On Sunday BPP Law School chief executive Peter Crisp became the latest – and most unlikely – person to (indirectly) lend his voice to the growing chorus of warnings against doing the Bar Professional Training Course (BPTC).
Speaking to The Sunday Times(£), Crisp said that he does “not advise going into criminal practice at the bar”.
Now, wannabe lawyers, when a man who does very well out of the hundreds of students doing the BPTC each year at his venerable institution says don’t go to the criminal bar – which, of course, supplies a substantial proportion of the 450 annual available pupillages – it means there is REALLY SOMETHING VERY, VERY WRONG at the criminal Bar.
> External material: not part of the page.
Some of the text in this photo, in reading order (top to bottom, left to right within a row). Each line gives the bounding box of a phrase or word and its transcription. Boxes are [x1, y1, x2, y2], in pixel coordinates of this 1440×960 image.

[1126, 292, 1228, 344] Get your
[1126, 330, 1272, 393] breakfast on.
From that, you can draw the conclusion that even if you do get a pupillage at a criminal set, you’re probably still shafted: another very good reason not to do the BPTC unless you want to practise civil law (and are clever and good at advocacy).
Don’t believe me?
Well, read Bar Council chairman Michael Todd QC’s comments in the Evening Standard yesterday about the “great concern” he feels that the number of students recruited to the BPTC is “far more” than the number of pupillages available.
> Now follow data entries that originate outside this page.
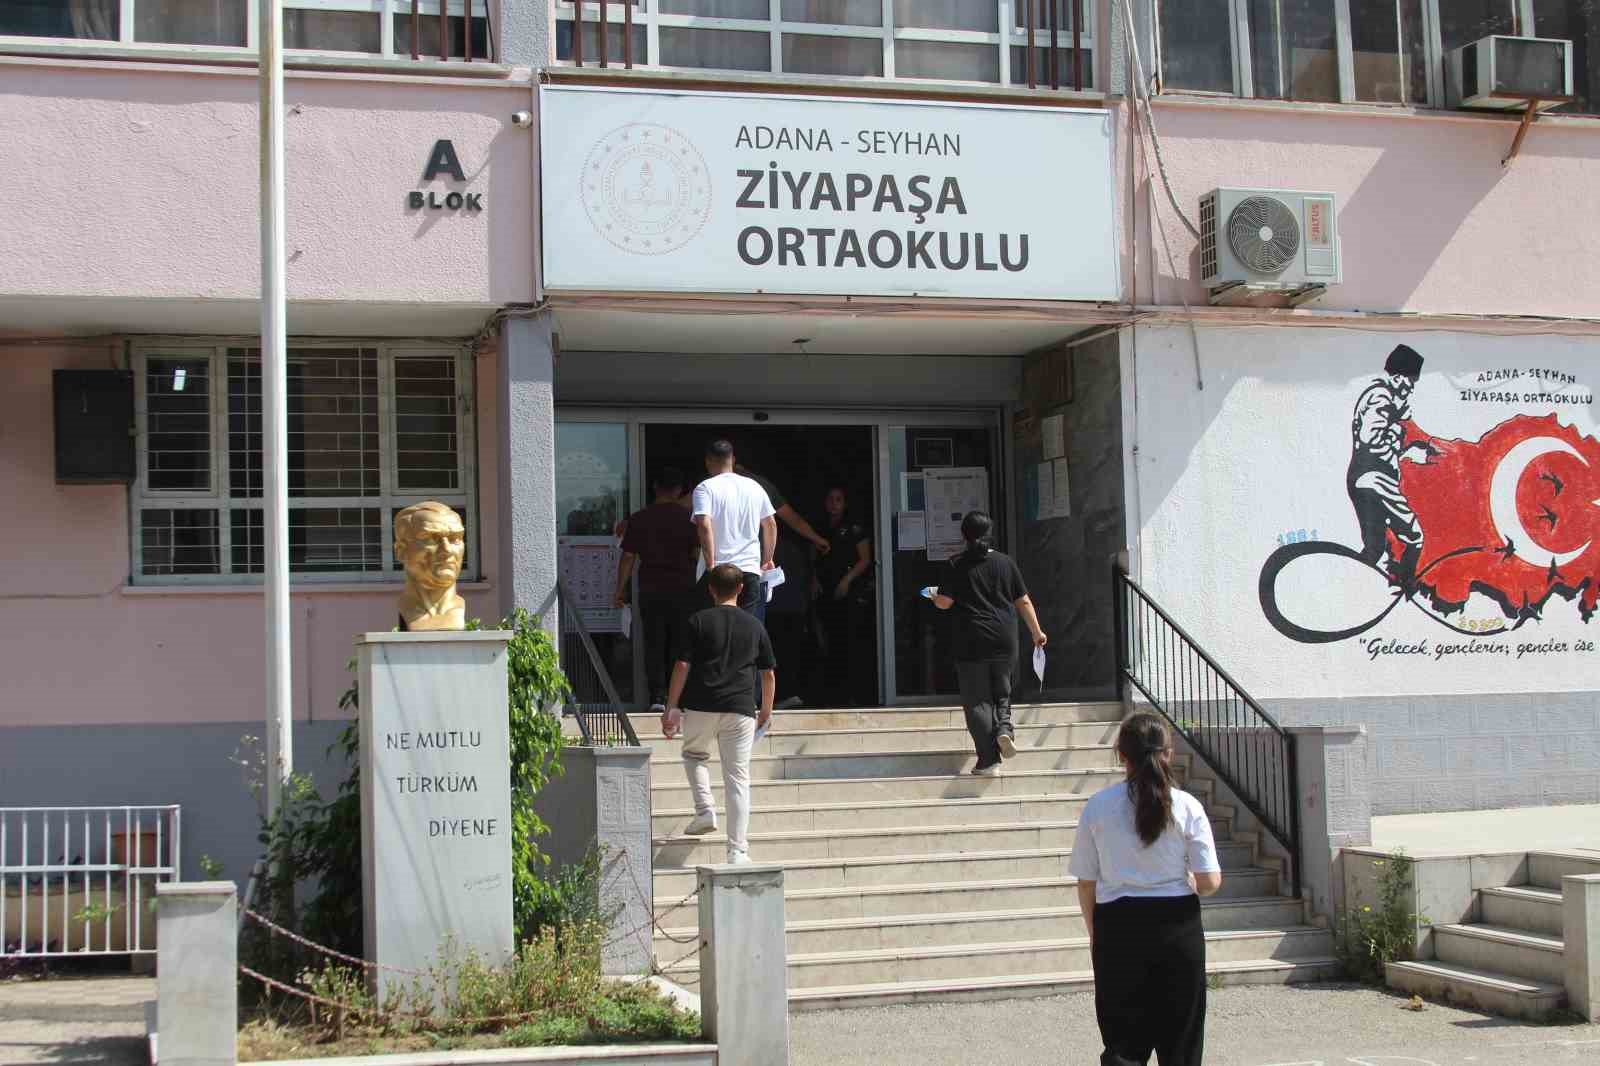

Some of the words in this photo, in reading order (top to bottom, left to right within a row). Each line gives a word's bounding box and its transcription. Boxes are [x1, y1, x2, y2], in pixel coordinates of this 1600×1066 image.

[736, 126, 833, 151] ADANA
[857, 131, 961, 156] SEYHAN
[424, 140, 466, 181] A
[409, 191, 483, 211] BLOK
[736, 160, 968, 224] ZİYAPAŞA
[737, 226, 1029, 273] ORTAOKULU
[1460, 388, 1520, 405] ZİYAPAŞA
[1523, 392, 1593, 405] ORTAOKULU
[1516, 637, 1568, 659] gençler
[1574, 639, 1595, 652] ise
[386, 732, 411, 750] NE
[416, 731, 481, 749] MUTLU
[396, 771, 478, 794] TÜRKÜM
[429, 817, 497, 837] DİYENE
As head of a professional body like the Bar Council, Todd has a lot of people to keep sweet and has to couch his language in diplomatic terms so as not to offend. Reading between the lines, what he is really saying is “WHY THE FUCK HAS NOBODY BOTHERED LIMITING ENTRY TO THE BPTC?!”
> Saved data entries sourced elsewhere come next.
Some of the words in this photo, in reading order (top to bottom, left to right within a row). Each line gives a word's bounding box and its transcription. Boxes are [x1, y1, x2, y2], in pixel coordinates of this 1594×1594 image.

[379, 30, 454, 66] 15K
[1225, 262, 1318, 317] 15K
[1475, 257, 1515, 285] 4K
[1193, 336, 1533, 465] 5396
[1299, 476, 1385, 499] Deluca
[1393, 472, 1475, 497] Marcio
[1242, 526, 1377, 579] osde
It’s a good question. Because the situation has been going on for a good while – and just keeps getting worse and worse amid buck-passing, fake “diversity” excuses and outdated arguments about competition law.
For reasons that it’s hard to comprehend at times, the wannabe barristers keep coming. We have to accept that. Time then, finally, for the Bar Standards Board (BSB) to wake from its slumber and do something.